November 29
The Weekly Register of Baltimore, published on this day in 1817, the first account to receive national publicity of the operation of the premier American papermaking machine, at a paper mill situated on Brandywine Creek, about two miles north of Wilmington, Delaware:
“We have lately visited the paper mills of Thomas Gilpin & Co. on the Brandywine, and witnessed the performance of their new machine for manufacturing paper on an extensive scale, which promises to be an important addition to the arts and manufactures of our country. This process of making paper delivers a sheet of greater breadth than any made in America, and of any length—in one continued unbroken succession, of fine or coarse materials, regulated at pleasure to a greater or lesser thickness. The paper, when made, is collected from the machine on reels, in succession as they are filled; and these are removed to the further progress of the manufacture.
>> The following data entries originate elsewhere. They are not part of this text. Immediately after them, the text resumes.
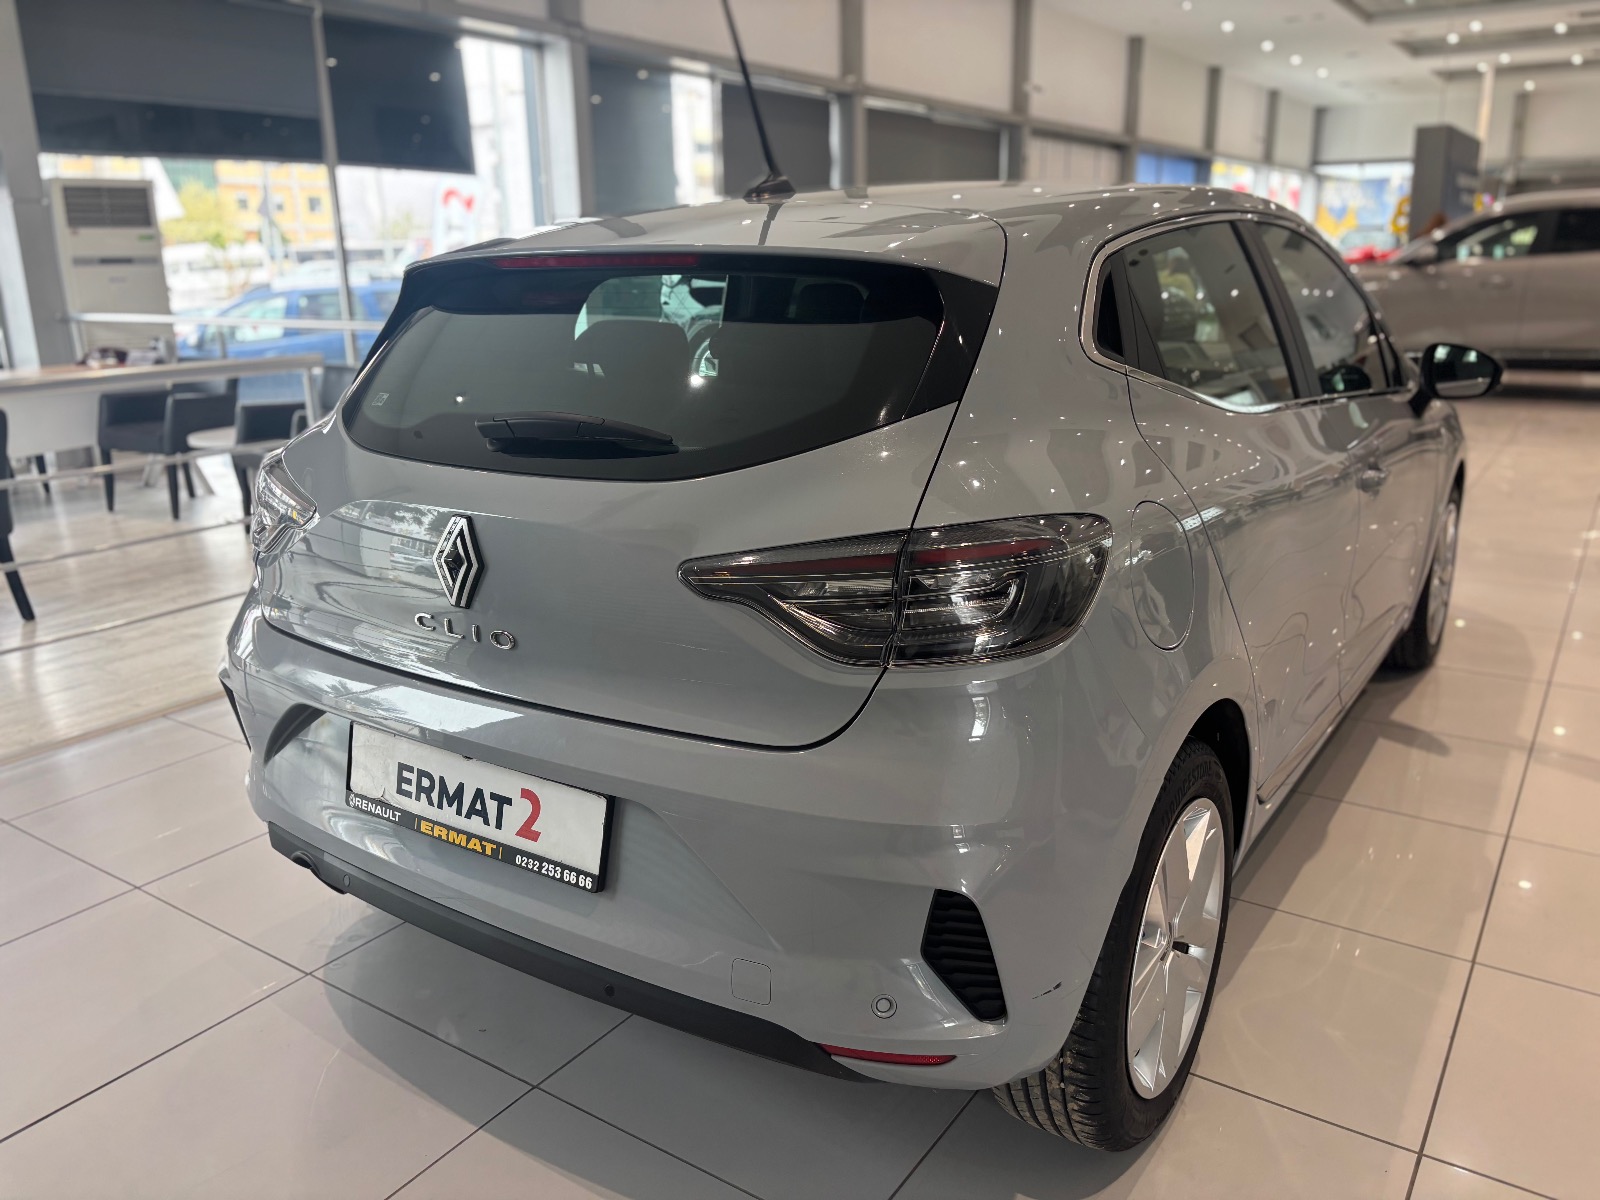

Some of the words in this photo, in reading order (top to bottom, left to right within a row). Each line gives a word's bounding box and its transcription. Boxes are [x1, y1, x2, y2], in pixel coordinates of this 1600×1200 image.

[414, 612, 516, 650] CLIO
[355, 797, 401, 822] RENAULT
[420, 820, 497, 856] ERMAT
[515, 854, 540, 872] 0232
[541, 861, 562, 879] 253
[563, 869, 577, 884] 66
[578, 874, 593, 889] 66
[396, 761, 513, 831] ERMAT
[515, 787, 542, 843] 2
The paper in its texture is perfectly smooth and even, and is not excelled by any made by hand, in the usual manner of workmanship—as it possesses all the beauty, regularity and strength of what is called well closed and well shut sheets.
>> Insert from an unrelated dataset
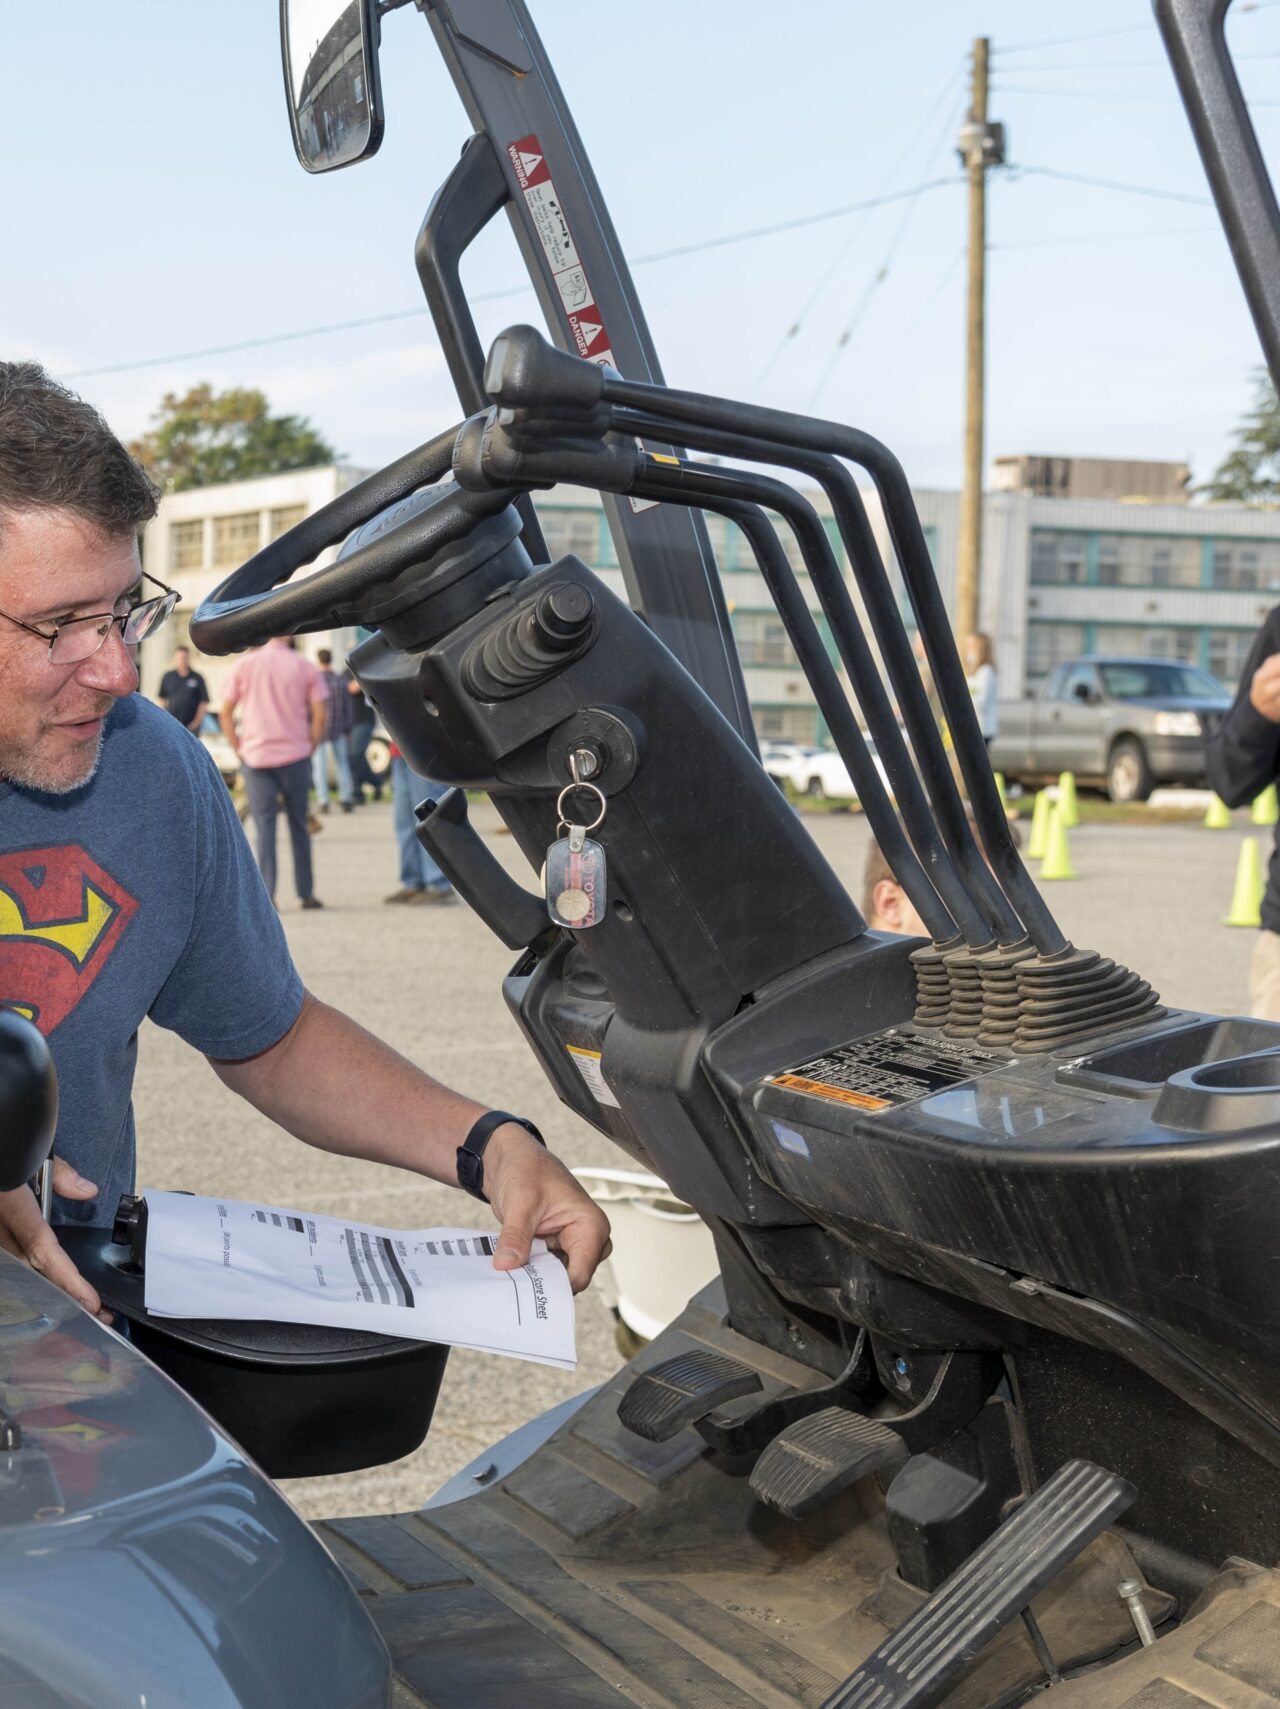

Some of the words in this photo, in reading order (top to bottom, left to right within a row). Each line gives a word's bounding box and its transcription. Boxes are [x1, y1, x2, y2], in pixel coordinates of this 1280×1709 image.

[508, 145, 528, 188] WARNING
[568, 316, 588, 356] DANGER
[533, 1277, 544, 1295] Score
[536, 1295, 548, 1320] Sheet
“It is with much pleasure that we announce the success of this machine; and we hope it will tend to secure our country against the importations from abroad, which have so much interfered with our own domestic arrangements; and we are also much gratified in believing, that its establishment on our own stream in the neighborhood of this place, will aid its improvement, and add to the valuable manufacturies on the Brandywine.”
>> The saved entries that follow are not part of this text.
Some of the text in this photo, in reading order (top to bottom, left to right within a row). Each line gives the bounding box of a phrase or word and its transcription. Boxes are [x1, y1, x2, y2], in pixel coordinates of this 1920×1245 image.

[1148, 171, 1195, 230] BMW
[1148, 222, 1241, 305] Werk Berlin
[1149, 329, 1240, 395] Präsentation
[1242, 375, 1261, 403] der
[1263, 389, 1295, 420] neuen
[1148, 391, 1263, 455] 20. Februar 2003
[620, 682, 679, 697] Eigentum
The Gilpin machine, of the cylinder type, was undoubtedly adaptedfrom the English machine of John Dickinson, which had become operative in 1809. The Gilpin Mill, the first in the state of Delaware, had been established in 1787 by Joshua and Thomas Gilpin, sons of Thomas Gilpin, an associate of Benjamin Franklin and founder with him of the American Philosophical Society. At the time that they began to manufacture paper, Joshua was but twenty-two years of age, and Thomas just eleven. The efforts of the brothers met with success, however, as may be determined from the journal of the famous French traveler, Jacques Pierre Brissot de Warville, who visited the mill during its first year and described the paper as “equal to the finest made in France.”
The paper manufactured on the Gilpin machine was first used in the printing of the American Daily Advertiser, published in Philadelphia. The first book to be published in the United States on native American machine-made paper produced by the Gilpin Mill was A Complete Genealogical, Historical, Chronological, and Geographical Atlas by N. Lavoisne. This volume was printed by M. Carey & Son of Philadelphia in 1820.
The late Dard Hunter, historian of paper manufacturing, has stated that the Gilpin cylinder machine produced a thirty inch sheet at the rate of sixty feet per minute. The paper was notable for its uniformity of texture and color. An examination of books printed on its surface indicates that the sheet still retains its firmness and tone.